## Data section
------------------------------------------------------------------------

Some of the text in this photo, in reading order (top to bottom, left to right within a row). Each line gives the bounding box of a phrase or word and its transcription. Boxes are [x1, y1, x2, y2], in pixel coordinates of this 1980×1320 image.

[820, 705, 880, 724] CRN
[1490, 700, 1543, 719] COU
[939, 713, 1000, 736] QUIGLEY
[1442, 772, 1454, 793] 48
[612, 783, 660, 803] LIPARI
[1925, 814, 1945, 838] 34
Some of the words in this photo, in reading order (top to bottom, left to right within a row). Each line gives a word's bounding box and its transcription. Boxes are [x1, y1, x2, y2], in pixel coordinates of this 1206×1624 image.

------------------------------------------------------------------------

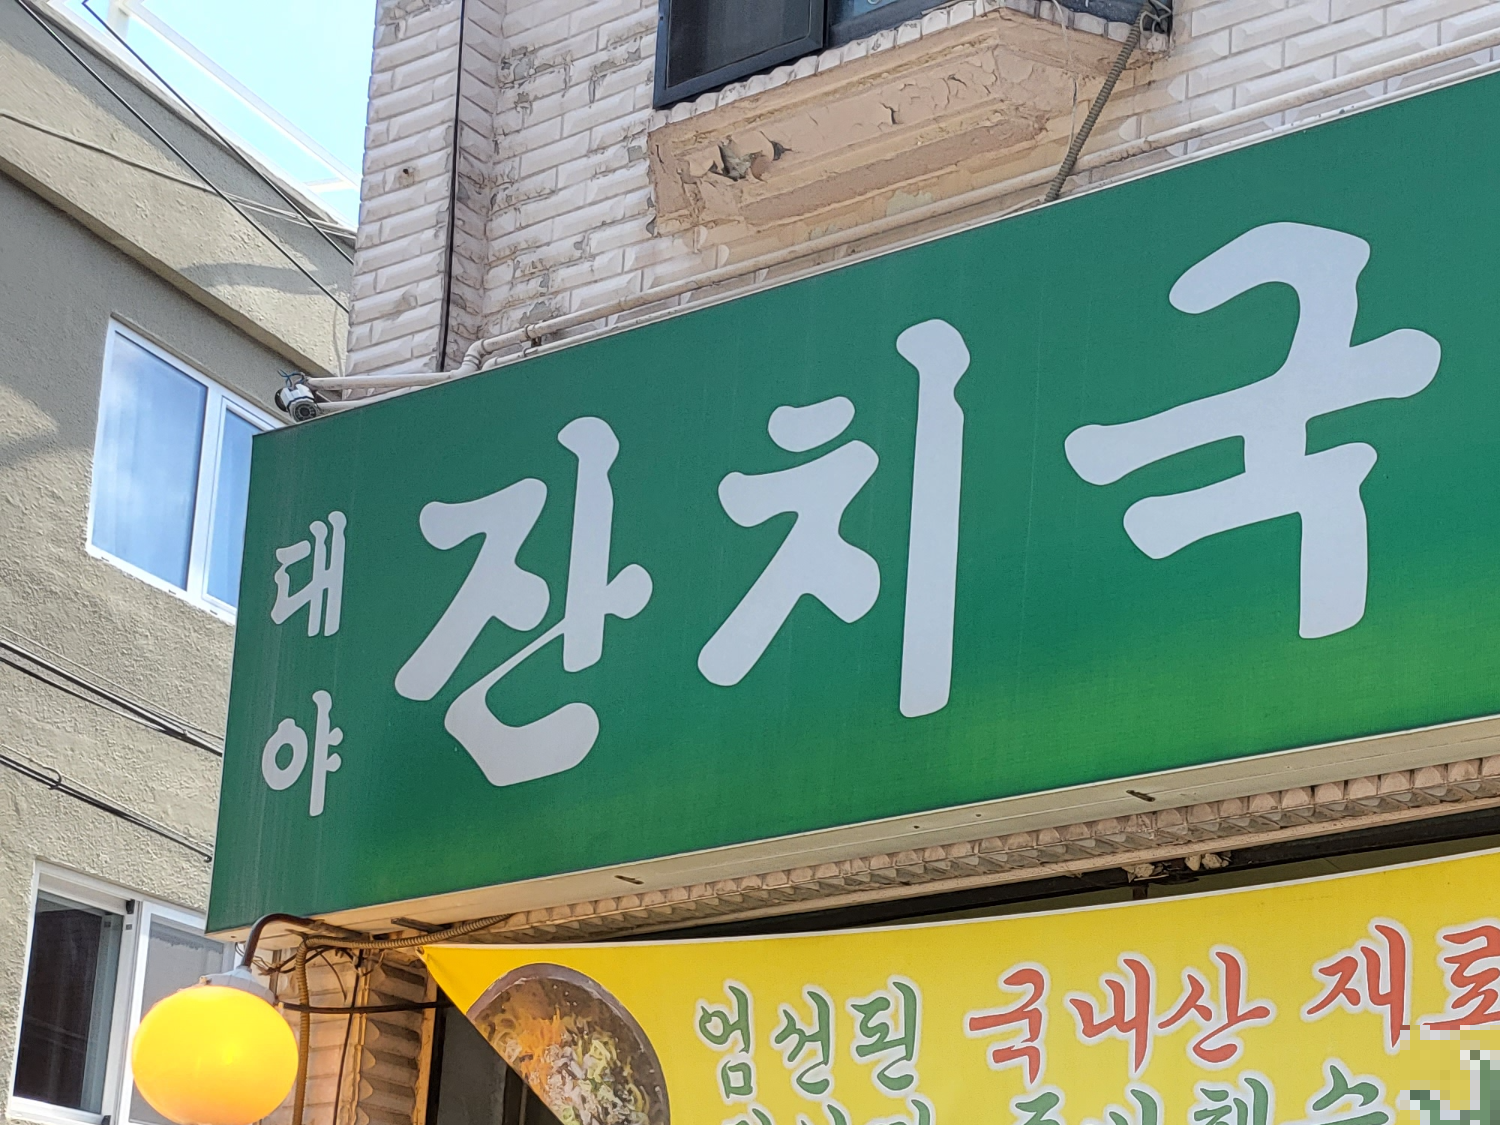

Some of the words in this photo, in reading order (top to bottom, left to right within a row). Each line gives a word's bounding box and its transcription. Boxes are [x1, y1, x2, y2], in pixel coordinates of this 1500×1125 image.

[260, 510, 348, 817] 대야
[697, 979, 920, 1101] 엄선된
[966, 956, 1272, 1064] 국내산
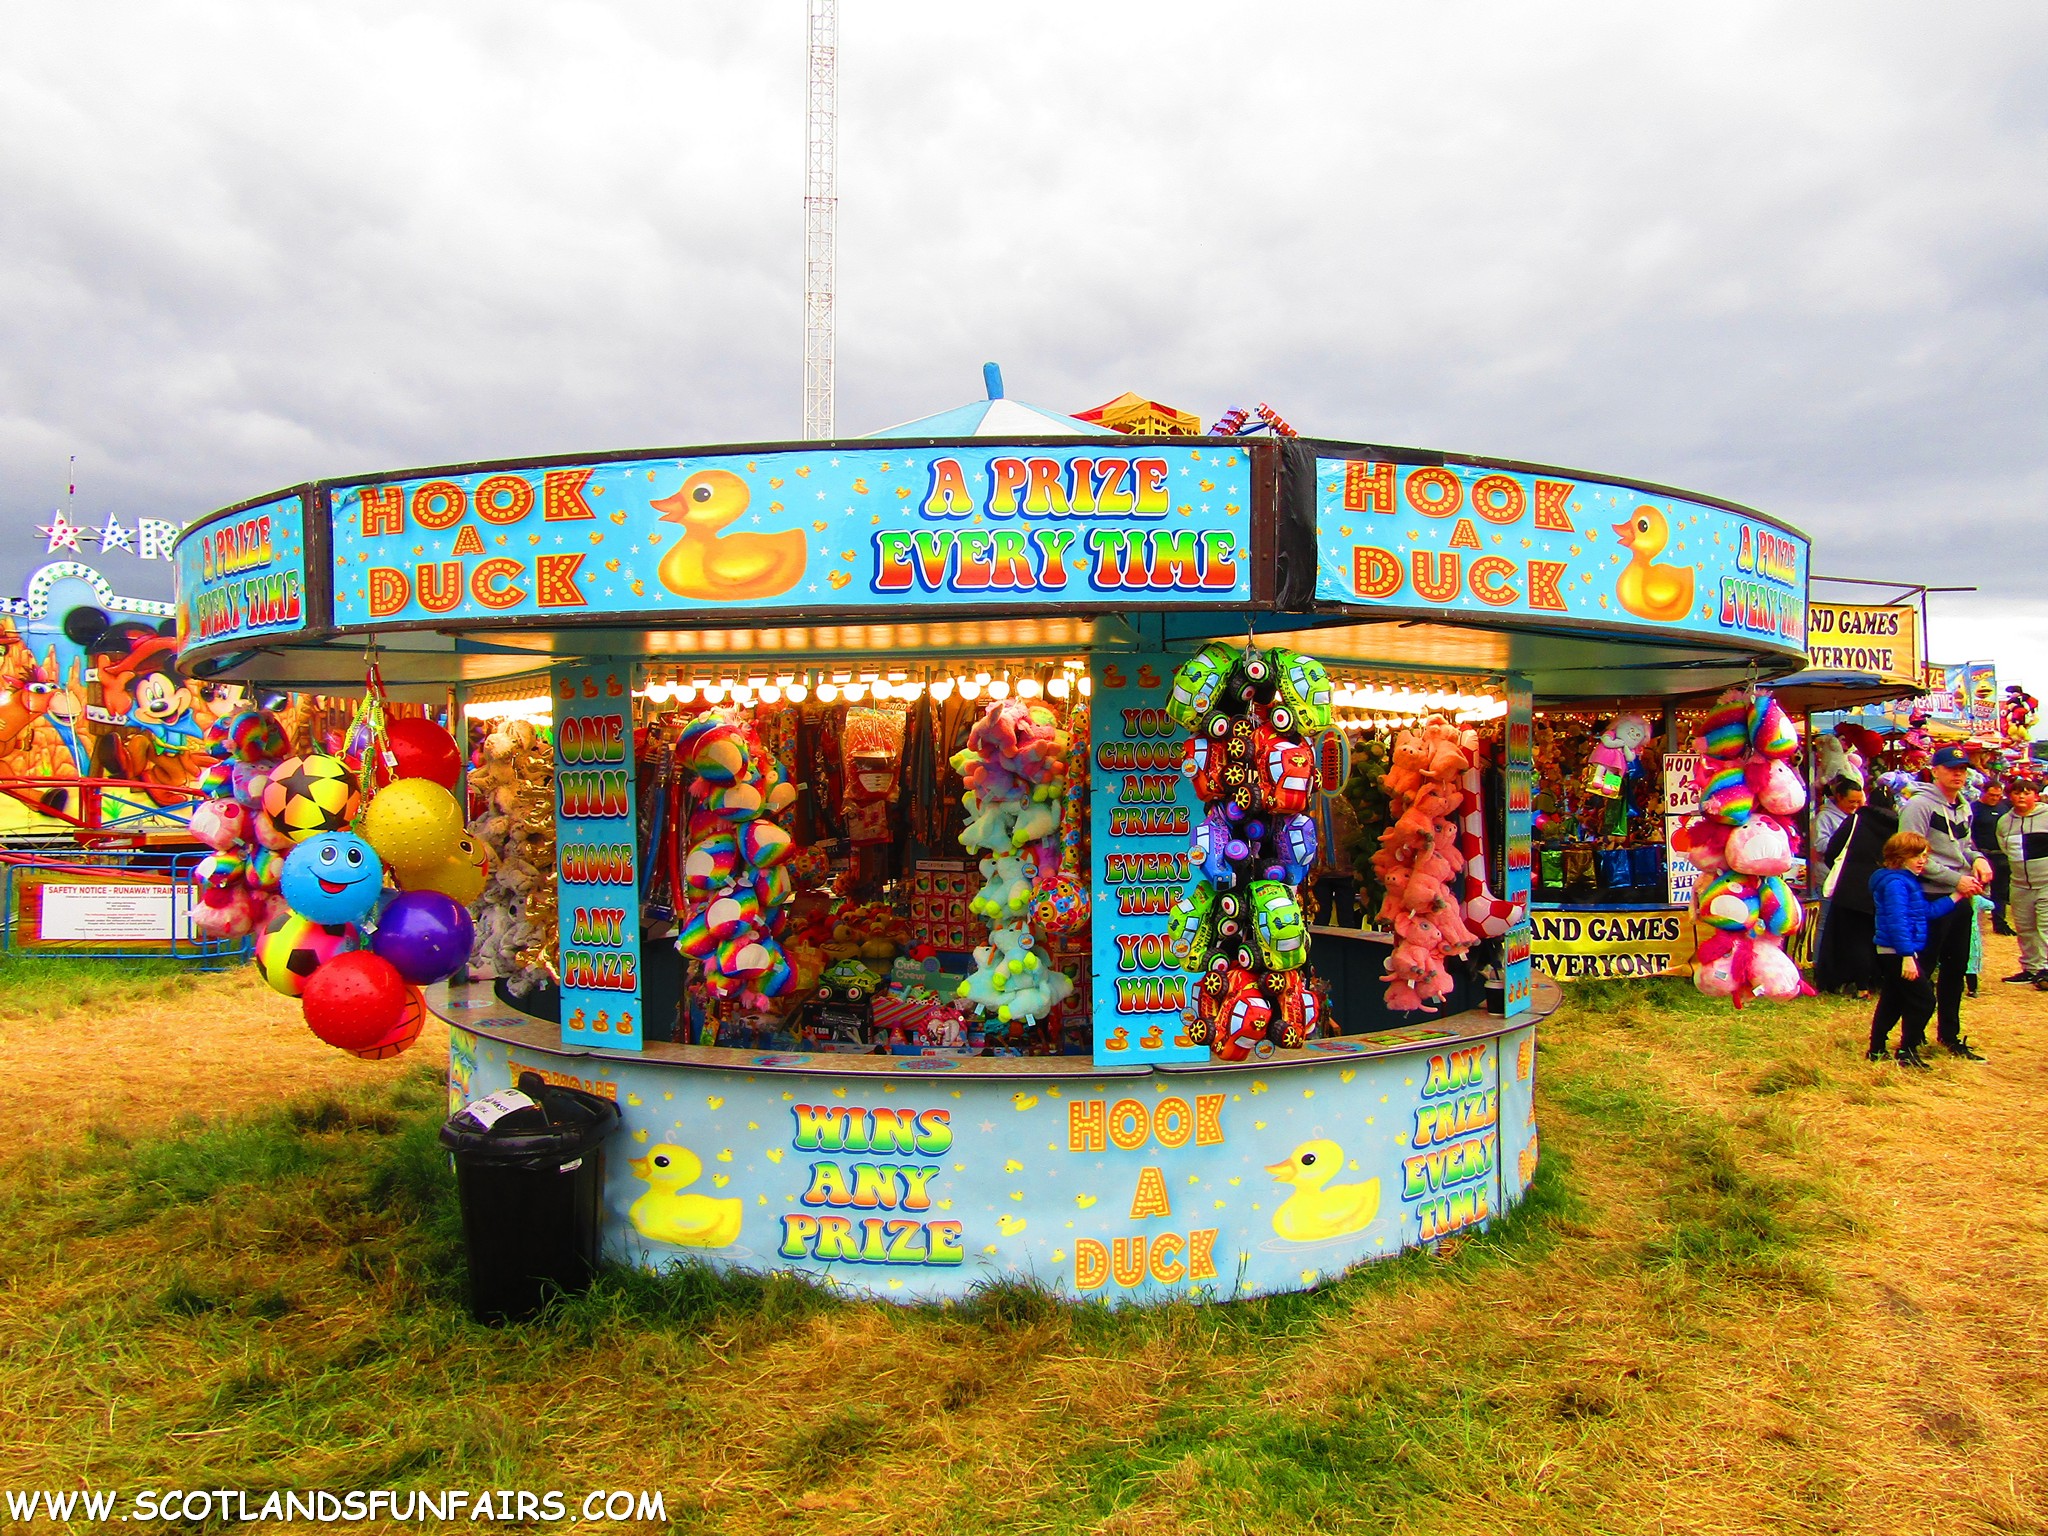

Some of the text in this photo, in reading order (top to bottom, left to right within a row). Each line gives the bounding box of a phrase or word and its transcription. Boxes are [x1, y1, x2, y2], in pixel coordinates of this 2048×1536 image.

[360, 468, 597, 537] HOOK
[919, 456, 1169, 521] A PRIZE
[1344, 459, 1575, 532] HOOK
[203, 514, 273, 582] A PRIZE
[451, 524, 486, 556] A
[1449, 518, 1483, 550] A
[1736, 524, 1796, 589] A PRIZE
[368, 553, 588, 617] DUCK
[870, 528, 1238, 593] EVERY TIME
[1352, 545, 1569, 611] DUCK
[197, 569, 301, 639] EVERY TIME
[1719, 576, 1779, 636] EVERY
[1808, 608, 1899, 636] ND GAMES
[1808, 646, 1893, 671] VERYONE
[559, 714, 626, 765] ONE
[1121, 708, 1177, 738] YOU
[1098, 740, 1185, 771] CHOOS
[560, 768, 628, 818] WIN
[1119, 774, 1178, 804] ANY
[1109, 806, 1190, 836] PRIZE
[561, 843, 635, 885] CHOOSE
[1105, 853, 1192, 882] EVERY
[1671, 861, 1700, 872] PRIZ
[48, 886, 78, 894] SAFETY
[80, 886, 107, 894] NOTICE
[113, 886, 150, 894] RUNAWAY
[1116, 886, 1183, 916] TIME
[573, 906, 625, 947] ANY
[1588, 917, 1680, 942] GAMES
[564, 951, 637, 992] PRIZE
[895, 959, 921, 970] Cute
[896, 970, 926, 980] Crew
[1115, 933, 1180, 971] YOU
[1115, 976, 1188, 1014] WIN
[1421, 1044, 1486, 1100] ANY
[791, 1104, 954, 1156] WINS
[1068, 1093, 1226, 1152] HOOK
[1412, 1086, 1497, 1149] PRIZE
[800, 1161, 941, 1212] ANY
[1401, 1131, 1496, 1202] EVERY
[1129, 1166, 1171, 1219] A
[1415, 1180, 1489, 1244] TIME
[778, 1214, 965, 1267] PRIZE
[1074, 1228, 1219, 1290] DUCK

------------------------------------------------------------------------

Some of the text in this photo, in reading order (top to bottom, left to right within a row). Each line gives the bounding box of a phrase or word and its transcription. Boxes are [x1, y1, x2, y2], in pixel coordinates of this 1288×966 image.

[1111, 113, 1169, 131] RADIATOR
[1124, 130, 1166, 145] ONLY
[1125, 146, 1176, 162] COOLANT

------------------------------------------------------------------------

## Exercise details
Please give back, exactly as it stands above, the stretch from the line with "this 1980×1320 image." through the line with "this 1206×1624 image.", and no line outside it.

## Answer box
Some of the text in this photo, in reading order (top to bottom, left to right within a row). Each line gives the bounding box of a phrase or word and its transcription. Boxes are [x1, y1, x2, y2], in pixel coordinates of this 1980×1320 image.

[820, 705, 880, 724] CRN
[1490, 700, 1543, 719] COU
[939, 713, 1000, 736] QUIGLEY
[1442, 772, 1454, 793] 48
[612, 783, 660, 803] LIPARI
[1925, 814, 1945, 838] 34
Some of the words in this photo, in reading order (top to bottom, left to right within a row). Each line gives a word's bounding box and its transcription. Boxes are [x1, y1, x2, y2], in pixel coordinates of this 1206×1624 image.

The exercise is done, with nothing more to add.